Elle y vit malgré tout une enfance tranquille et heureuse auprès de sa mère et sa grand-mère. Sa mère est une employée de maison qui, comme beaucoup d’autres à l’époque, ne revient au foyer qu’un week-end sur deux. Alors comme beaucoup de brésiliens, la petite Deb est élevée par sa grand-mère. Sa mère travaille dur pour pouvoir lui payer une école privée, garante d’une meilleure scolarité que dans le public. Dès lors, l’école deviendra pour Deborah sa priorité et sa soif de connaissances une source intarissable. Ce qui la poussera à devenir « une citoyenne responsable, avec ses droits et ses devoirs » comme elle le dit si bien.
À 14 ans, sa mère n’a plus les moyens de lui payer l’école privée, alors Déborah décide d’aller travailler avec elle pour continuer à payer le lycée. Elle s’occupe de la cantine et des dortoirs de l’école de football de Flamengo, l’un des plus grands clubs brésiliens. Deborah continue de jongler entre le lycée et son travail, où elle grimpe rapidement les échelons, jusqu’à devenir à seulement 16 ans, la gérante en intérim de la résidence des jeunes footballeurs.
Une fois le lycée finit, Deborah n’a pas les moyens d’aller à l’université, alors elle se lance dans la vie active. Décidée, elle sait qu’elle ne veut plus travailler pour un patron et a déjà une vision d’entrepreneuse: « Comme tous les entrepreneurs, j’ai commencé par la vente, je vendais tout un tas de petites choses et ça marchait bien. »

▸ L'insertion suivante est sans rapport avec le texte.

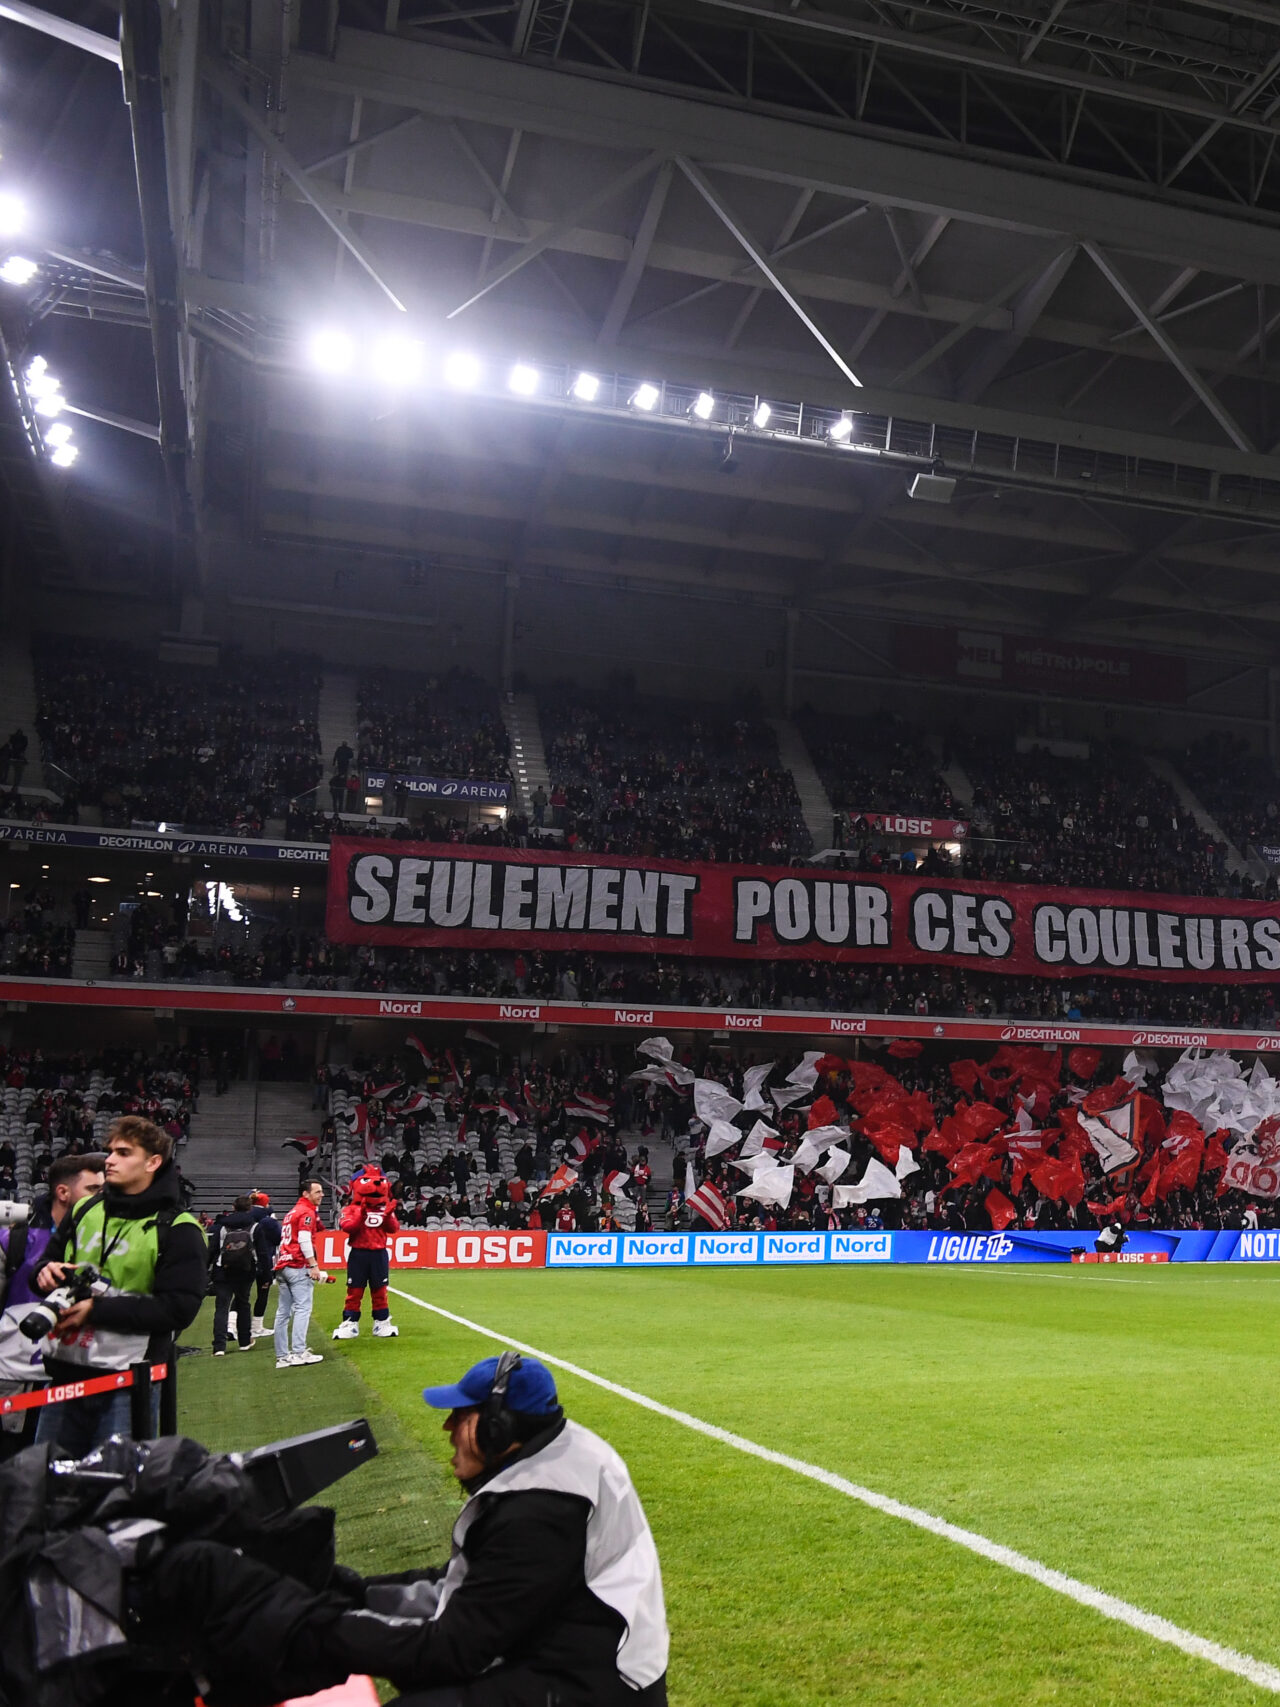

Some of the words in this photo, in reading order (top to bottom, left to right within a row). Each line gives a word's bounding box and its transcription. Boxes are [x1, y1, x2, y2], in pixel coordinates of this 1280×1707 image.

[367, 778, 437, 793] DEHLON
[460, 785, 508, 798] ARENA
[885, 817, 932, 835] LOSC
[14, 829, 67, 843] ARENA
[99, 836, 173, 851] DECATHLON
[198, 844, 248, 856] ARENA
[278, 848, 329, 861] DECATHL
[350, 854, 696, 935] SEULEMENT
[736, 879, 889, 945] POUR
[913, 893, 1012, 957] CES
[379, 1000, 422, 1014] Nord
[500, 1005, 540, 1018] Nord
[614, 1011, 654, 1023] Nord
[725, 1015, 763, 1028] Nord
[830, 1019, 866, 1032] Nord
[1017, 1028, 1080, 1041] DECATHLON
[1147, 1033, 1207, 1046] DECATHLON
[324, 1237, 419, 1264] LC
[436, 1236, 533, 1264] LOSC
[555, 1239, 612, 1256] Nord
[629, 1238, 684, 1255] Nord
[699, 1238, 753, 1255] Nord
[768, 1237, 820, 1253] Nord
[836, 1236, 886, 1252] Nord
[1117, 1253, 1144, 1264] LOSC
[47, 1383, 85, 1403] LOSC

Deborah rencontre son mari à 16 ans. Ils habitent dans le même quartier, mais une frontière invisible les séparent. « J’ai grandi à l’époque du film La cité de Dieu. Bien sûr, il y a beaucoup de fioritures au cinéma, mais la plupart des faits sont réels. Nous avons grandi en côtoyant tous ces problèmes liés au trafic de drogue. Je vivais du côté commandé par Zé Pequenho et mon mari a grandi de l’autre côté, celui de Mané Galinha. Les territoires étaient si bien séparés qu’on ne pouvait pas traverser la frontière, c’était une sorte de bande de Gaza. On était les Roméo et Juliette de la favela. Alors comment on faisait pour se rencontrer ? Nous fréquentions des écoles proches, situées de mon côté du quartier, il était donc obligé de traverser la frontière. On se croisait souvent et on se plaisait bien. Un jour, il y a eu des échanges de tirs entre les gangs rivaux, il ne pouvait plus rentrer chez lui. On en a alors profité pour mieux se connaître et c’est comme ça que tout a commencé. L’amour nous fait oublier ce qui se passe autour !»

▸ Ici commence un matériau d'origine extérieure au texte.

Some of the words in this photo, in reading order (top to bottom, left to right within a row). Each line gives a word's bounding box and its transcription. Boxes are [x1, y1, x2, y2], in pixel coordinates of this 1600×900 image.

« Nous avons vécu des moments violents dans notre quartier, mais nous n’en sommes jamais mêlés. Vous savez, les habitants des favelas sont des personnes honnêtes. Ce sont des citoyens qui travaillent, élèvent leurs enfants et ne veulent que vivre en paix, comme tout le monde. Ceux qui créent les problèmes ne sont qu’une infime minorité. Malheureusement, les médias décrivent une réalité déformée, en ne montrant que le mauvais côté, comme si les favelas se résumaient à ça. »
Deborah
À 20 ans, les deux tourtereaux se marient et construisent une extension dans le jardin de la mère de Deborah afin de rester à ses côtés. Au bout de sept ans, le couple décide de partir en mission humanitaire dans le Nordeste du Brésil. À leur retour, ils veulent prendre leur indépendance et cherche alors à acheter une maison. Elle entend parler de Bandeirantes, un nouveau quartier dans la zone ouest de Rio, construit suite à une catastrophe naturelle afin d’abriter les Cariocas ayant perdu leurs maisons lors de violentes inondations.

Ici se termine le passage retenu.